Nvidia promises Japan network of AI chip plants – youngvid

Japan, once a powerhouse in the semiconductor industry, is trying to become a chipmaking leader again. Chip companies like Taiwan Semiconductor Manufacturing Company and Micron are pledging hundreds of millions of dollars to build new chipmaking factories throughout the country—with strong support from Tokyo.

Now, Japan’s chip policy may have notched another win, as Nvidia announced it would partner with Japanese firms to build a new network of plants in the country, focused on making graphics processors used for AI.

“Japan has all of the technical expertise, the industrial capacity to create your own artificial intelligence, right here in Japan,” Nvidia CEO Jensen Huang said in a meeting with Japan’s economy minister Yasutoshi Nishimura on Tuesday, according to Bloomberg.

In an earlier meeting, Huang promised Prime Minister Fumio Kishida that the chipmaker would do its best to supply critical AI processors to Japan.

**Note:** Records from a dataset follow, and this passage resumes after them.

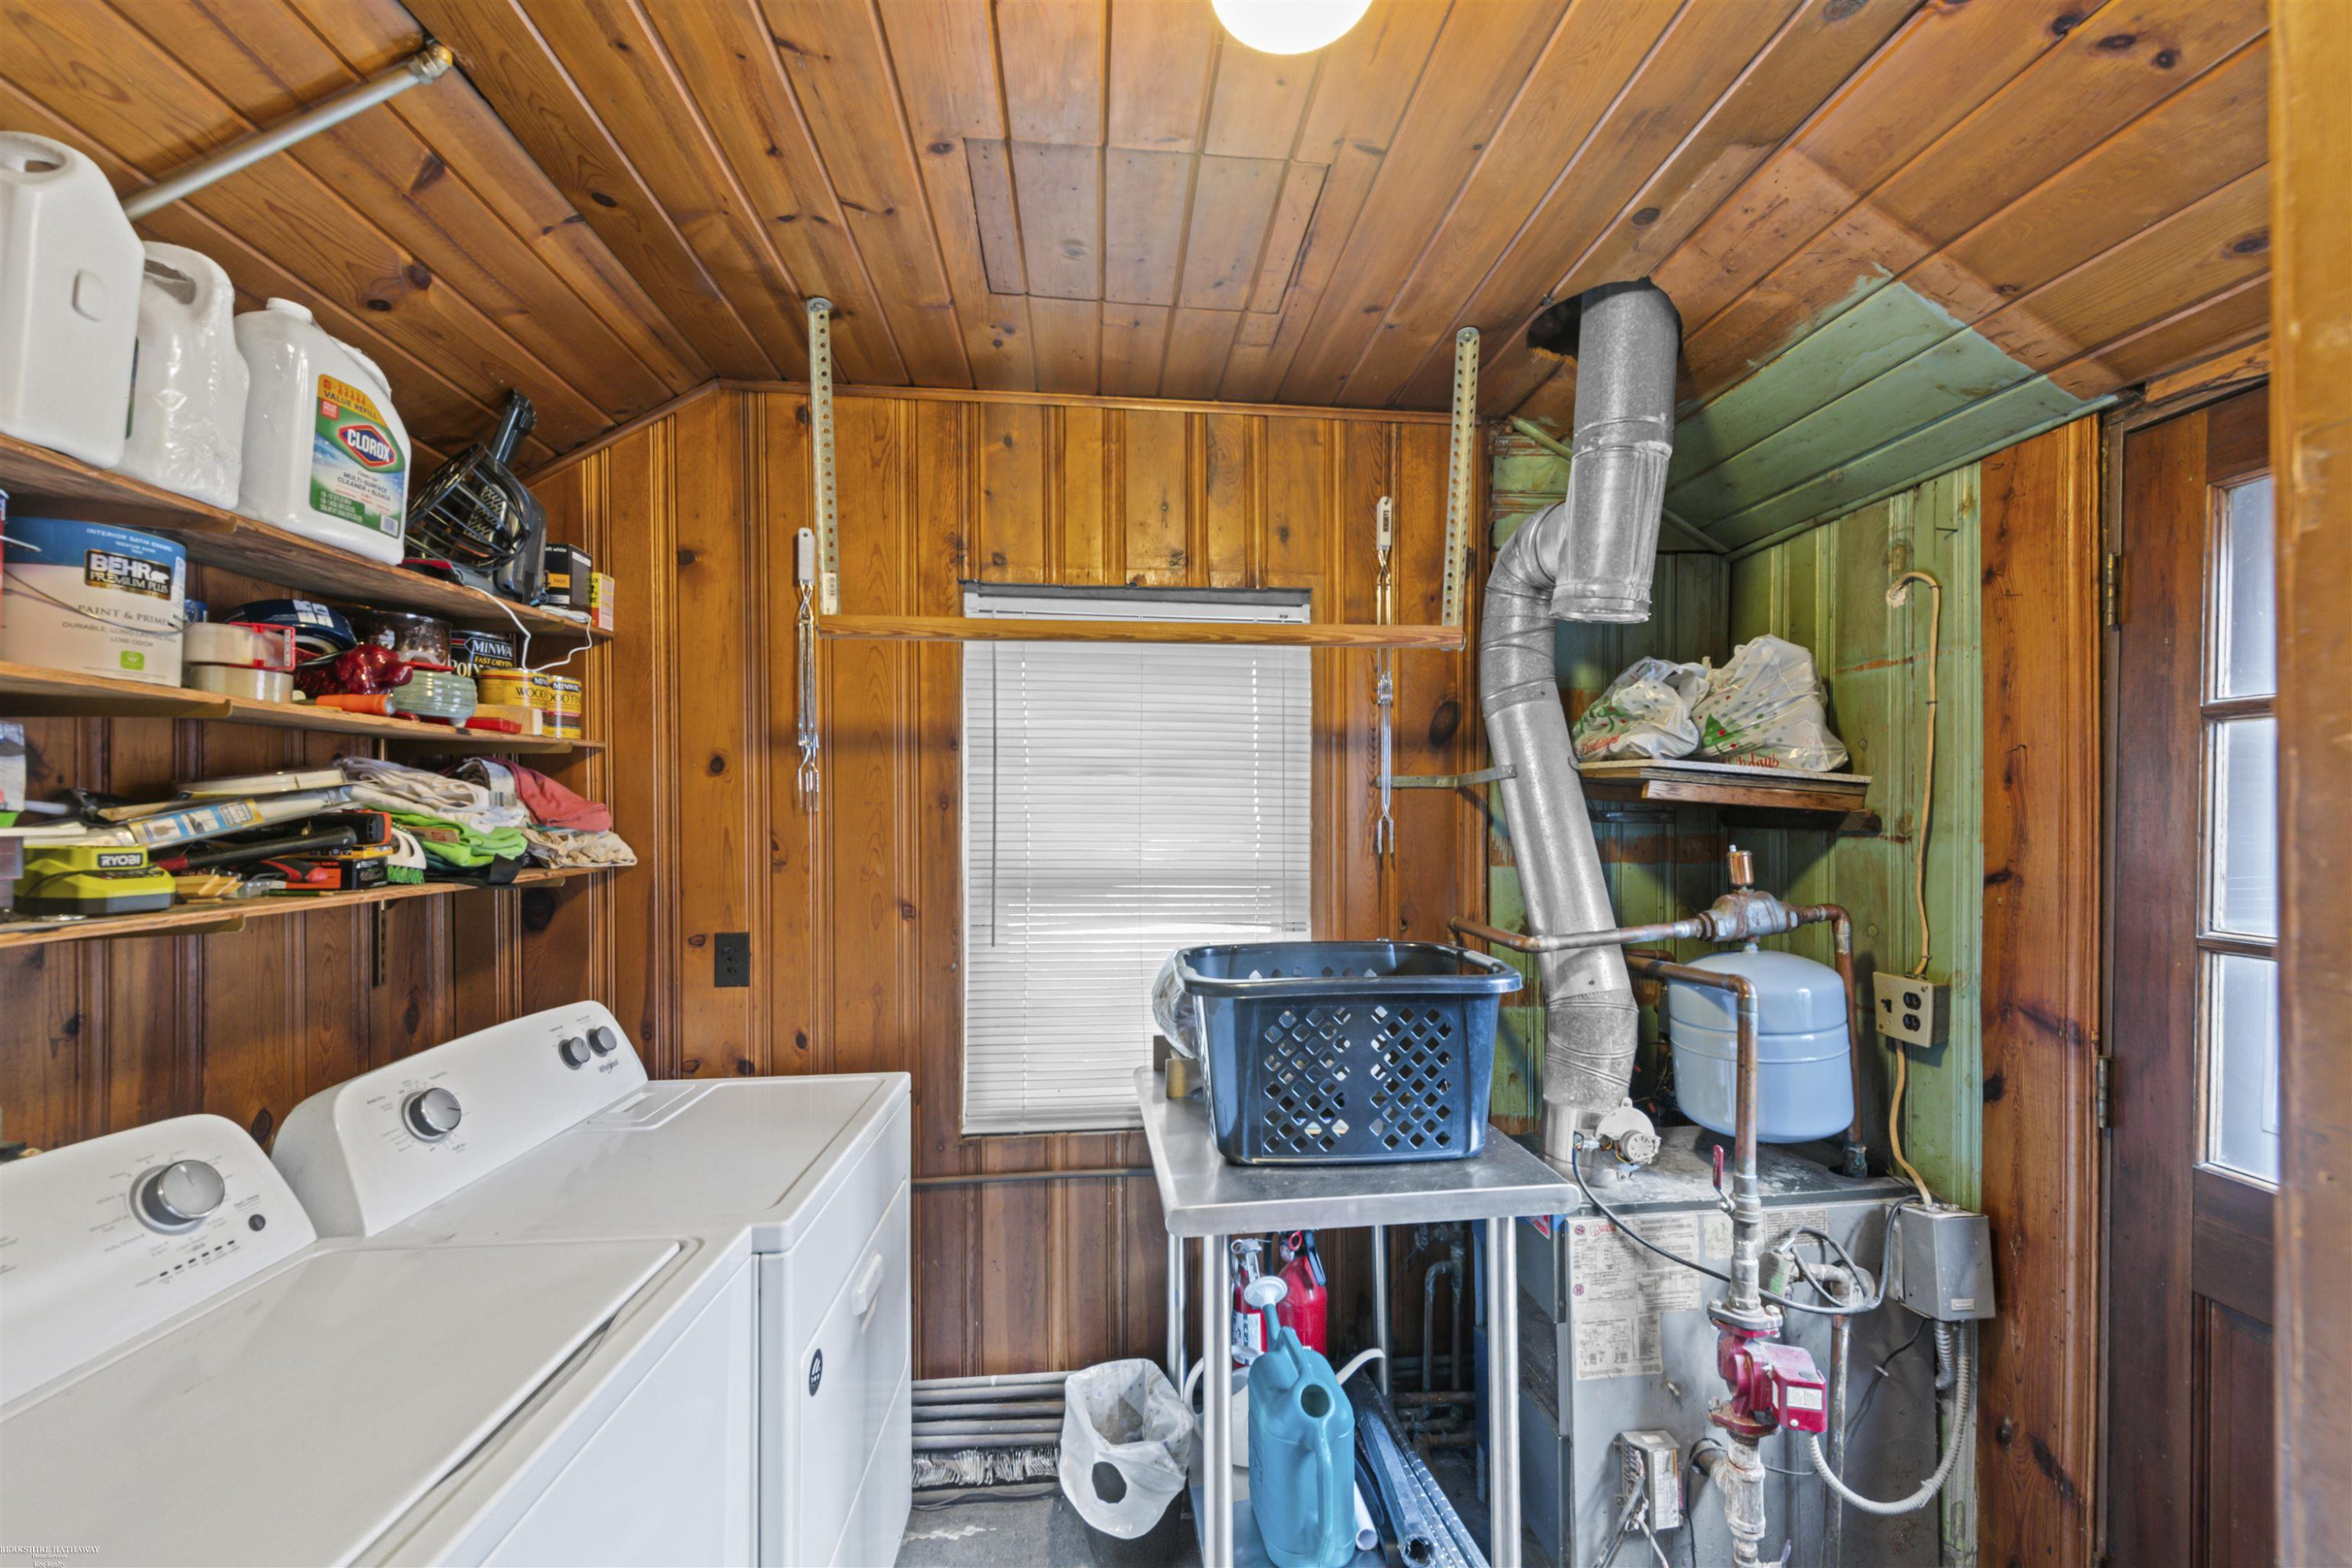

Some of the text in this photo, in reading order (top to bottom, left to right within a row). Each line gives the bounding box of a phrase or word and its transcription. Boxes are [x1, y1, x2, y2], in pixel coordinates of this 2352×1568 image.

[324, 390, 351, 407] VALUE
[347, 428, 390, 463] CLOROX
[337, 477, 366, 492] CLEANER
[86, 528, 128, 540] INTERIOR
[89, 553, 152, 582] BEHR
[89, 571, 169, 593] PREMIUM PLUS
[78, 604, 121, 618] PAINT
[124, 612, 132, 620] &
[472, 639, 514, 657] MINWA
[100, 854, 141, 866] RYOBI

A surge of interest in generative AI products is leading to a supply crunch for the processors used to power them.

Japan’s most advanced chip factories are about a decade behind market leaders TSMC and Samsung, according to an August report from the Center for Strategic and International Studies. The Japanese producers that used to dominate the dynamic random access memory (DRAM) in the 1980s have largely exited the business, but the country still remains competitive in some areas like NAND memory and image sensors. Tokyo understands that it may have only “one last chance” to stake out a strong position in the global chip industry, the report argues.

Japan announced a semiconductor strategy in June 2021, which includes a partnership with the U.S. and subsidies for domestic chip manufacturing. On Nov. 24, the Japanese government passed an additional $13.5 billion in funding to support its own chipmaking industry as part of an $88 billion extra budget to help households deal with inflation and encourage corporations to boost domestic investment.

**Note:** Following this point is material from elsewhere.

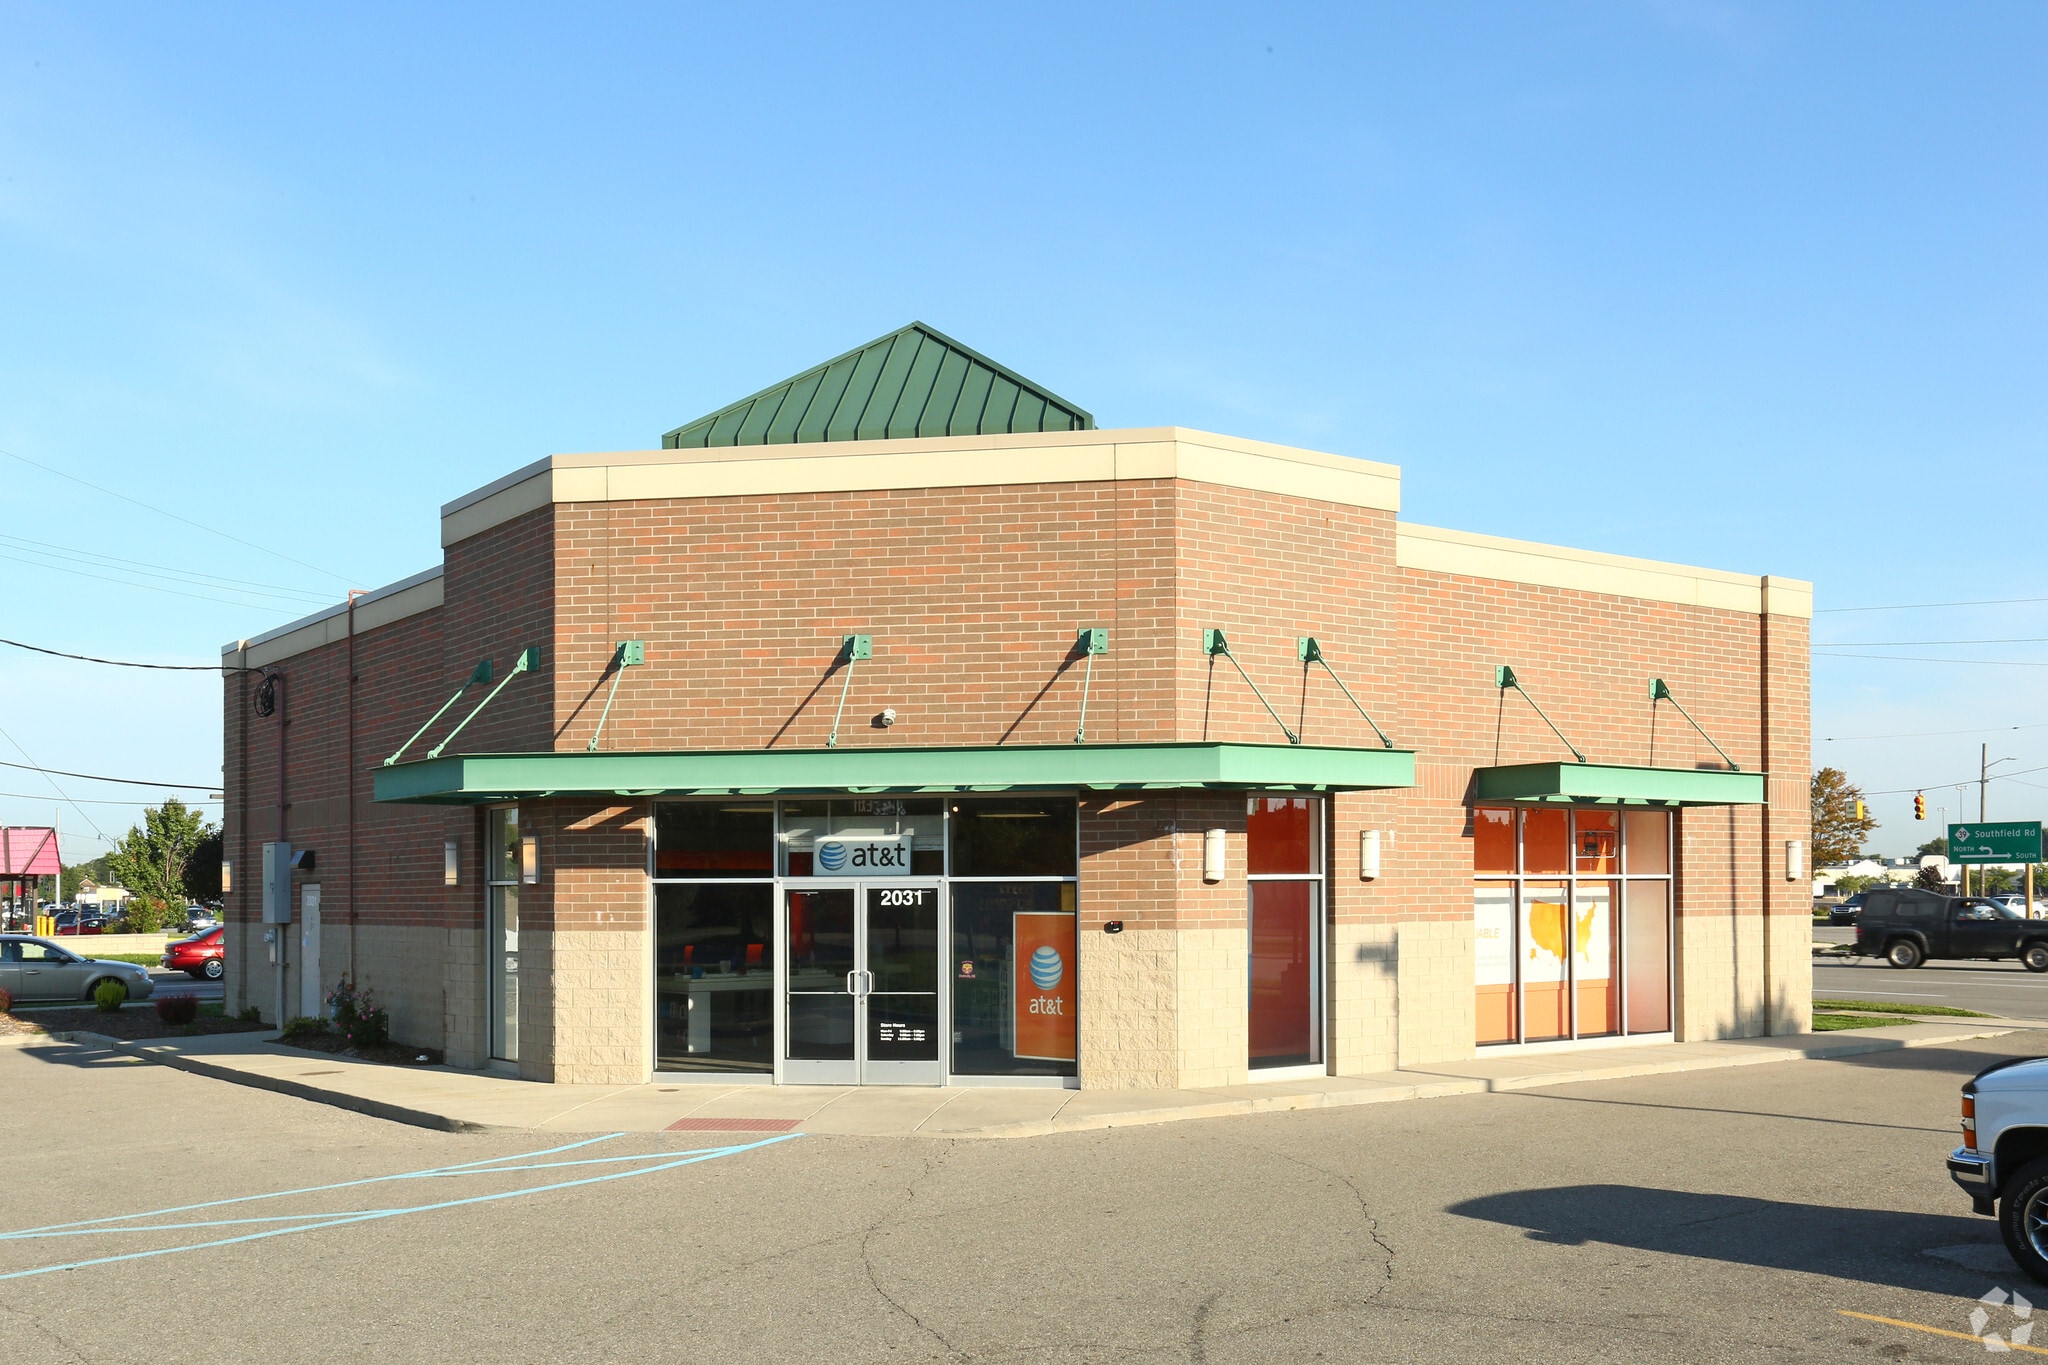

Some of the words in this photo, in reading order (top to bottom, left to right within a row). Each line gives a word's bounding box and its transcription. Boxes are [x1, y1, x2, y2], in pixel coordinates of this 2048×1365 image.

“The semiconductor industry that Japan is now starting to grow and foster will be able to produce GPUs,” Huang said on Monday. “Countries like Japan are realizing that you need to own your own data, build your own AI factories and produce your own AI intelligence.”

Tokyo Electron, Japan’s top chipmaker, has committed about $290 million towards a new development facility in the city of Koshi on the southwestern island of Kyushu. The island will also house a new TSMC foundry, worth roughly around $6.7 billion, set to open late next year. U.S. chipmaker Micron has also committed to invest about $3.4 billion in Japan over the next few years.

Nvidia is at the center of the AI boom, as its processors are key to training the large language models that underpin the technology. The supercomputer used to train OpenAI’s ChatGPT used 10,000 of Nvidia’s A100 GPU chips. Nvidia’s data center revenue—which relates to customer interest in AI—hit $14.51 billion in its most recent quarter, a 279% increase from a year ago. Data center revenue now makes up around 80% of Nvidia’s quarterly revenue, a significant change from just two years ago, when the company’s gaming business drove the company’s sales.